Furthermore also with the device according to FIG. 7, the holder with the scanner 3 in the transducer center is rotatably mounted (arrow A) about the axis of symmetry 6. By way of this, as with the previously described example, the representation of several section planes 9 is possible. Although in FIG. 7 seven various section planes distributed about 360.degree. are drawn in, in practise the representation of for example two section planes displaced by 90.degree. is sufficient and with this an unproblematic location of the concretion is made possible. Furthermore with this device, on the one hand a relatively long focusing B-scanner becomes necessary, but on the other hand, also during the application with shock waves, an ultra-sound control via the scanner is possible since the scanner, after completion of the locating procedure and also during the operation of the transducer 1, may remain in its shown position and continuously produce B-pictures.

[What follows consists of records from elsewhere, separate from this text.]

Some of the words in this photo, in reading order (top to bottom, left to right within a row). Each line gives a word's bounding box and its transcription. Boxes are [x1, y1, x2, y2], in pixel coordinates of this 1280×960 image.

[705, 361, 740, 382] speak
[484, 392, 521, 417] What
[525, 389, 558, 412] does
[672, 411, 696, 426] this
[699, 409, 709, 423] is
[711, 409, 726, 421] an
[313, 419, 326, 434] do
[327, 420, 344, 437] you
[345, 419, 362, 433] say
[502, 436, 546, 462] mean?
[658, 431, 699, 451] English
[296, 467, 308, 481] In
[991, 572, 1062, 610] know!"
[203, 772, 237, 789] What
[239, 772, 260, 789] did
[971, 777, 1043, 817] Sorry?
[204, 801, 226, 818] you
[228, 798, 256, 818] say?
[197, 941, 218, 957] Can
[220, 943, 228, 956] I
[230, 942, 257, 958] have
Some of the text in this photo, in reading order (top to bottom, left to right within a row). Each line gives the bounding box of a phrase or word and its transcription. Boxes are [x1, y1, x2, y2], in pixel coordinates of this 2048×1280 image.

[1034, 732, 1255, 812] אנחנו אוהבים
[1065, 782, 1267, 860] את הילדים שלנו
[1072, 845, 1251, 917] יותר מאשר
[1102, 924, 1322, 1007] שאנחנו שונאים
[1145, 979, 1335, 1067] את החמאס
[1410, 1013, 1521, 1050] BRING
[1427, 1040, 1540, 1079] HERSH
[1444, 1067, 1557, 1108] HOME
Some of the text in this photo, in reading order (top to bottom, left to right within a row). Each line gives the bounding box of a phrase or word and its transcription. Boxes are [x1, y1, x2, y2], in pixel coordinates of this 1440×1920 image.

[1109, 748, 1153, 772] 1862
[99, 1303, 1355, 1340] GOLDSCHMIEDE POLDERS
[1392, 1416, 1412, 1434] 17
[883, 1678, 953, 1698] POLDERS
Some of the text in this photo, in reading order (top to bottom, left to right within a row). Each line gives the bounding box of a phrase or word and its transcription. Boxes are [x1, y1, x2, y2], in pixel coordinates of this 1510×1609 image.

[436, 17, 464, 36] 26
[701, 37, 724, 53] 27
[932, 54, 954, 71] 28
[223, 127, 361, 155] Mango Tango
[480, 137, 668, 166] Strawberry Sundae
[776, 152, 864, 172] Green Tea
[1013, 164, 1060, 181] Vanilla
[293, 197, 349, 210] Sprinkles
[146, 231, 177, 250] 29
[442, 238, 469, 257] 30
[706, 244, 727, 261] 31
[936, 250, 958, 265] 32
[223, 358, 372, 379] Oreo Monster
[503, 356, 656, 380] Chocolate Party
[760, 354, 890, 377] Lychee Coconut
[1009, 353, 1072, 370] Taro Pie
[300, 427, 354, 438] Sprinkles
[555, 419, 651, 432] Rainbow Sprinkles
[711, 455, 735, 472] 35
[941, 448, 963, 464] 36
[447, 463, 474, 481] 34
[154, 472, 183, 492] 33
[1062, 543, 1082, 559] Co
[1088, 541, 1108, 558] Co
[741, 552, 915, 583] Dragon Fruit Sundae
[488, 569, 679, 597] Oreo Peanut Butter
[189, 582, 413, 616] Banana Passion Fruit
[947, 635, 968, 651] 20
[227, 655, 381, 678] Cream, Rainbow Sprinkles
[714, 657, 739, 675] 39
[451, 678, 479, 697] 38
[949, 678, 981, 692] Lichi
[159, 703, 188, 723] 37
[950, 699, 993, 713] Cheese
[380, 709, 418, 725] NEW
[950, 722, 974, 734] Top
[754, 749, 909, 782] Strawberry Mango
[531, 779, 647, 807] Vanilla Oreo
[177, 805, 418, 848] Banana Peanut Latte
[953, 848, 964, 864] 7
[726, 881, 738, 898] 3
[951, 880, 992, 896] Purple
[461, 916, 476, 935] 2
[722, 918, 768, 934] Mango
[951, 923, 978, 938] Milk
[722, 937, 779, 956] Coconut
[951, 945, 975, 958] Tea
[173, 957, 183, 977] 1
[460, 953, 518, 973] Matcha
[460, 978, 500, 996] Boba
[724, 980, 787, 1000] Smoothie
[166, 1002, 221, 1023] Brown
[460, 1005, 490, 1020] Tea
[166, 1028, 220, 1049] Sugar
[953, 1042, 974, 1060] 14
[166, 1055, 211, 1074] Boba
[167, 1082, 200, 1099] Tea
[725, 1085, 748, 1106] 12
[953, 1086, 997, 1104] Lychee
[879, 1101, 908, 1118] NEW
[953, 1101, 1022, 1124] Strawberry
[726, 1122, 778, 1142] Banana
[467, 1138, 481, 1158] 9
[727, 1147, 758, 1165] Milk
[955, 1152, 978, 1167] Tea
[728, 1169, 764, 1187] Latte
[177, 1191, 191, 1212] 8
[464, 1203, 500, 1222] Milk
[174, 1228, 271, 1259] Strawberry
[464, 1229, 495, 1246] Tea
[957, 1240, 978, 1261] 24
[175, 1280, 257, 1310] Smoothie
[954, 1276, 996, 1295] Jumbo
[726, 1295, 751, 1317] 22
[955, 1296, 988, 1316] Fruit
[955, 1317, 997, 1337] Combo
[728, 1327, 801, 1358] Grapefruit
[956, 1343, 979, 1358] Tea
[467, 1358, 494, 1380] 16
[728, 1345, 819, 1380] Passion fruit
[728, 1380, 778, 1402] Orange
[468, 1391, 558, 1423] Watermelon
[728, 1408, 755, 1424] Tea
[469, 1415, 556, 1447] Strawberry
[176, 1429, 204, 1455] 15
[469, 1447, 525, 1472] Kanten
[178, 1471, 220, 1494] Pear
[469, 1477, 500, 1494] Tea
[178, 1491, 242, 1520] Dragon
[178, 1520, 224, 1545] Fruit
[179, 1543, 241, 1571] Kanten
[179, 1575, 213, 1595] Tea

Moreover both devices according to FIGS. 6 and 7 fulfill the ideal requirements for locating and destroying body concretions, since the transducer 1 and the B-scanner 3 lie on the same axis 6 and since because of this, the same tissue layers are passed through, from the location sound field as well as from the shock wave sound field. Thus it is usually not possible for various interruptions, possibly caused by imaging errors, of the wave fronts of both sound fields to occur.
Ultrasound diagnosis apparatus and therapy apparatus are principally two apparatus applied for various purposes, which should also be operable independently of one another. This means that with a combination envisaged by this invention of such differing apparatus, it is desirable that various ultrasound diagnosis apparatus, in particular any commercially available ultrasound diagnosis apparatus may be coupled in combination with a therapy apparatus for example, without having to carry out complicated and costly adaptations of both these apparatus.